He reached into his falconer’s pouch, pulled out a dead chick and offered it to the peregrine. Harriet snapped off the fuzzy yellow head, pulling out several thin, spaghetti-like strands of tendons along with it, and then swallowed the rest of the body, bones and all, in three jerking gulps. Barnaby explained that her stomach would sort out all the bones and feathers from the flesh and a few hours later regurgitate a pellet containing all the undigestible materials. The idea was to get down as much food as she could before her competitors stole it.
“And day-old cockerels are Harriet’s favourite—aren’t they, darling?” Barnaby stroked the bird’s back with his ungloved hand.
Meredith watched his fingers, fascinated, surprised at herself. “She’s awfully hungry.”
“Yes, virtually always. Especially if you fly them every day, which I try to with this one. There’s no workout like it. For her, I mean.” Barnaby reached into his bag again, and for a split second Meredith was afraid he was going to perform some terrible trick—a twisted magician pulling a dead rabbit from his top hat. Instead, he revealed a tiny leather hood with a tassel on top. With his free hand he pulled the hood over the bird’s head so that her eyes were covered.
“Hoodwinked,” said Barnaby, and he stepped out of the pen with the bird perched on his glove. Attached to her ankle was a short braided leather leash, which he wrapped around his arm. “Tricks her into thinking it’s nighttime. That’s where the term comes from, you know.”
As Portia circled their legs, huffing with anticipation, Barnaby let them through the gate behind the barn and into the open country, or what he called “the quarry.” Walking and brandishing the peregrine on his arm as if he were some sort of ancient woodsman, he seemed more at ease than Meredith had seen him yet. She worried aloud that Mish (who was napping) might wake up and not know where they were, but Barnaby insisted they carry on. Mauve pouches were gathering above the horizon, making the sky seem unnaturally close to dark. Meredith looked at her watch and was surprised to note that it was only four o’clock in the afternoon.
As they walked the moor, climbing over the uneven knobs of soft gray grass, a landslide of trivia poured from Barnaby, and Meredith found herself wondering whether on a day-to-day basis he had much company—of the human variety at least.

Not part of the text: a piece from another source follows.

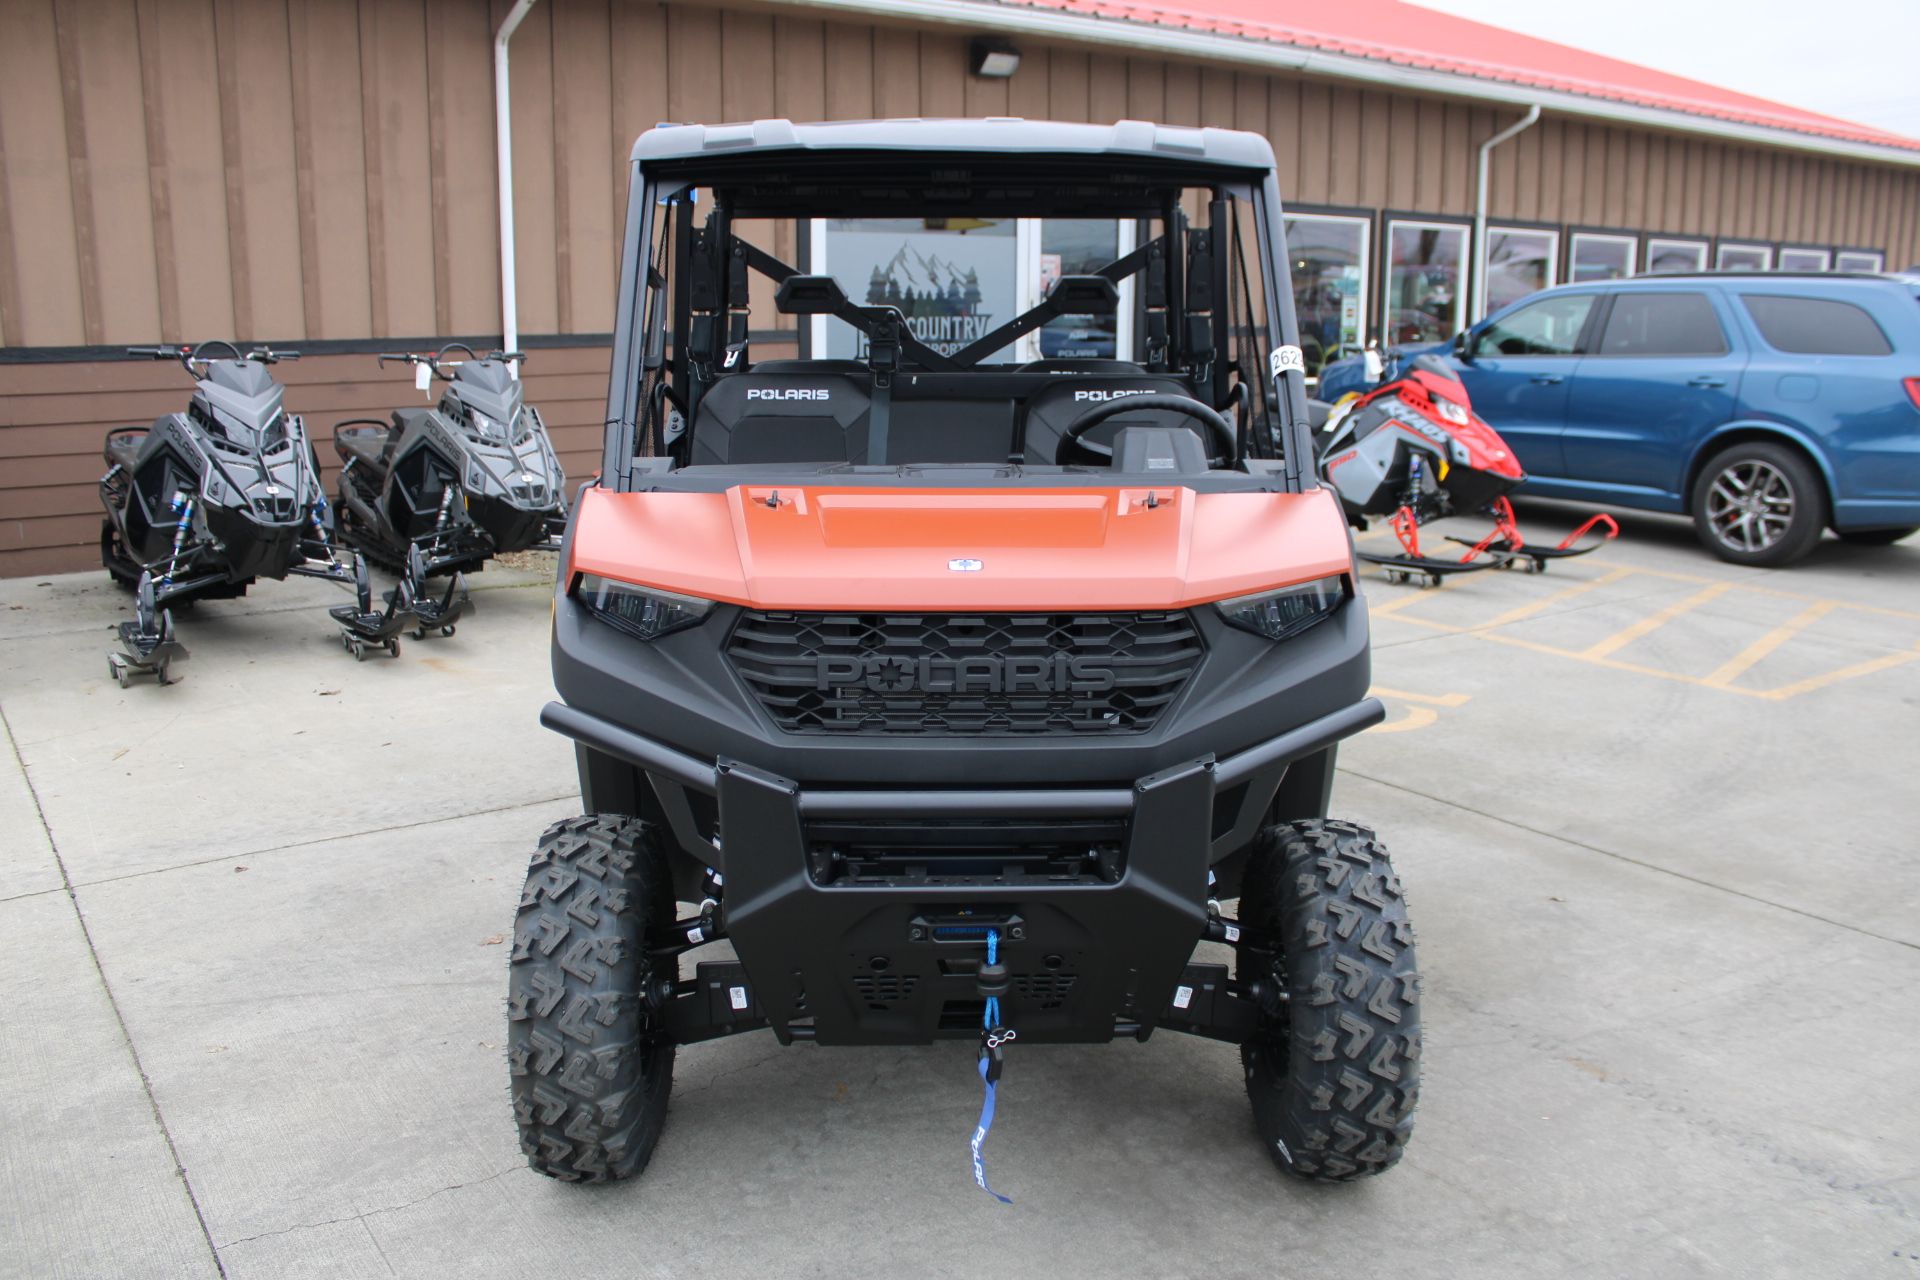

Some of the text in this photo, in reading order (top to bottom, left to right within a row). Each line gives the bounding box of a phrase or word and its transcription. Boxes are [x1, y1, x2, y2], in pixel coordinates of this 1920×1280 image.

“Peregrines like Harriet are the second-fastest birds of prey in the world,” he said, “the fastest being the gyrfalcon—Latin name Falco rusticolus—which are terribly expensive and nearly impossible to breed. I saw one once while visiting my cousin in New Mexico. Amazing creatures. But Harriet here is one of the fastest birds in Britain. With the right wind conditions, I reckon, she can get up to one hundred and fifty kilos an hour.”
“There, there, lovely,” Barnaby soothed, running two fingers down her tail feathers, before continuing. “Peregrines are commonly known as the king—or in Harriet’s case, queen—of all raptors. Which, of course, is another name for birds of prey—as well as being a basketball team in Toronto, or so I’ve noted on the Internet. At any rate, the problem for most British falconers is that in order to fly a peregrine properly, you need true open country. And to that extent, I’ve been blessed.”
They climbed up the slope to the edge of a cliff. A gentle incline of rubble and wild grass sloped down before them, opening onto a vast expanse of countryside. Only a few unkempt cedar hedgerows and crumbling fieldstones delineated one meadow from the next. It was like an oil painting you might find at a small-town art fair.
Near the horizon was a small stone cottage that Meredith would not even have noticed if not for its smoking chimney, which cast an interrogative yellow swirl in the sky above it. She wondered what portion of this tiny island Barnaby’s family actually owned. One percent? (Something told her it would be rude to ask.) The amount of uninhabited countryside before her seemed impossible, particularly after the frenetic crush of London. For an agoraphobic moment she envied Harriet, who perched calmly on Barnaby’s gloved thumb, safe in the dark shelter of her hood.
Without warning, Barnaby pulled off the bird’s headgear. The bird flapped her wings twice and pushed off her master’s glove, bearing down with her claws to gain momentum and then springing up. In a blink Harriet was airborne. The higher she rose, the less energy she appeared to use, resting on air currents that carried her up and up as though on a rising tide.
“Will she come back?”
“Of course. She’s well trained.”
“Who trained her?”
“I did, of course. It’s an awful lot of work, but rather rewarding in the end. I have the time after all.”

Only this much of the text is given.